Em maio, o IPCA avançou 0,58%, segundo dados do IBGE. A inflação mais alta sustenta o retorno de títulos atrelados à inflação, como o Tesouro IPCA+. Hoje, o título IPCA+ 2032 remunera IPCA mais 8,06%, ante IPCA mais 8,21% na véspera. Mesmo com recuo recente, as taxas ainda operam em patamares elevados.
Os rendimentos de títulos atrelados à inflação acompanham o movimento de juros global. O cenário externo facilitou quedas nas taxas, mas as perspectivas de ajuste monetário no Brasil mantêm o ambiente de maior volatilidade. Investidores devem considerar o efeito da variação de preço do título no curto prazo, caso haja alta de juros.
É importante lembrar que o preço de um título varia ao longo do tempo. Se as taxas de mercado sobem, o papel perde valor no mercado secundário. Quem precisar vender antes do vencimento pode enfrentar prejuízo. No caso do IPCA+ 2032, a rentabilidade atual é superior a 8% acima da inflação, porém sujeita a oscilações.

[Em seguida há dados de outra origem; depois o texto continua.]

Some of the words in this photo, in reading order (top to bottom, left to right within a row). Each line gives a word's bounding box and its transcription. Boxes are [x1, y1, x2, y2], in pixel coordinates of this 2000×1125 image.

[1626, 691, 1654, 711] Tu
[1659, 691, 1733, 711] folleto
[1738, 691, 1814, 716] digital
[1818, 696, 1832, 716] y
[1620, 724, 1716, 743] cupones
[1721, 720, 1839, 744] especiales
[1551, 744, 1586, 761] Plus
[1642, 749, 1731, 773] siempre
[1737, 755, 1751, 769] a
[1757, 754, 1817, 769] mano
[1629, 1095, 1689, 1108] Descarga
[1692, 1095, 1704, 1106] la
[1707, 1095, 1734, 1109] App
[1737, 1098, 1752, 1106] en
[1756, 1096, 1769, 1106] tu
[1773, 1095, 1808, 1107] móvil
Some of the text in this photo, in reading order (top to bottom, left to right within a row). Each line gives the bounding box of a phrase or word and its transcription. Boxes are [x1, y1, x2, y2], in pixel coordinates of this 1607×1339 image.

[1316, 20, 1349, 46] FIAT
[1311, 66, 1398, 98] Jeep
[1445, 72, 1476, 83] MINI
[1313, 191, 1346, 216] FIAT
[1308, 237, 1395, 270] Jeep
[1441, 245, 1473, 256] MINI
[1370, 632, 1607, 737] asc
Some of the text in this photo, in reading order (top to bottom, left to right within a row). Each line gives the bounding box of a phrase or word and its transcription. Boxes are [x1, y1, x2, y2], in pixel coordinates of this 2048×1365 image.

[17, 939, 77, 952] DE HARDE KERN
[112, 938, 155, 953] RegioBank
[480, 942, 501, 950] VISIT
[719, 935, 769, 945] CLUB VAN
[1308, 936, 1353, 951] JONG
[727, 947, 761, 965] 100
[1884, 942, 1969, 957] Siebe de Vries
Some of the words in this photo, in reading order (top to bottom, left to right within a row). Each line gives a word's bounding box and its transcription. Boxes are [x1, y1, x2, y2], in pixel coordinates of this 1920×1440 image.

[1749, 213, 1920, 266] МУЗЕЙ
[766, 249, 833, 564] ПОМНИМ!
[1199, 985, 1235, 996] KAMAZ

Cenário macro e impacto na carteira
O Copom é esperado manter a Selic em 14,50% na próxima reunião, marcada para quarta-feira. O cenário aponta para cautela diante da deterioração das expectativas de inflação e de uma atividade econômica mais resiliente que o previsto para a fase atual de aperto monetário.
Especialistas destacam que a comunicação do Banco Central deve preservar flexibilidade e indicar que o processo de queda da taxa continua em curso. A sinalização sobre próximos ajustes dependerá da evolução dos dados, especialmente da inflação, das expectativas e da atividade econômica.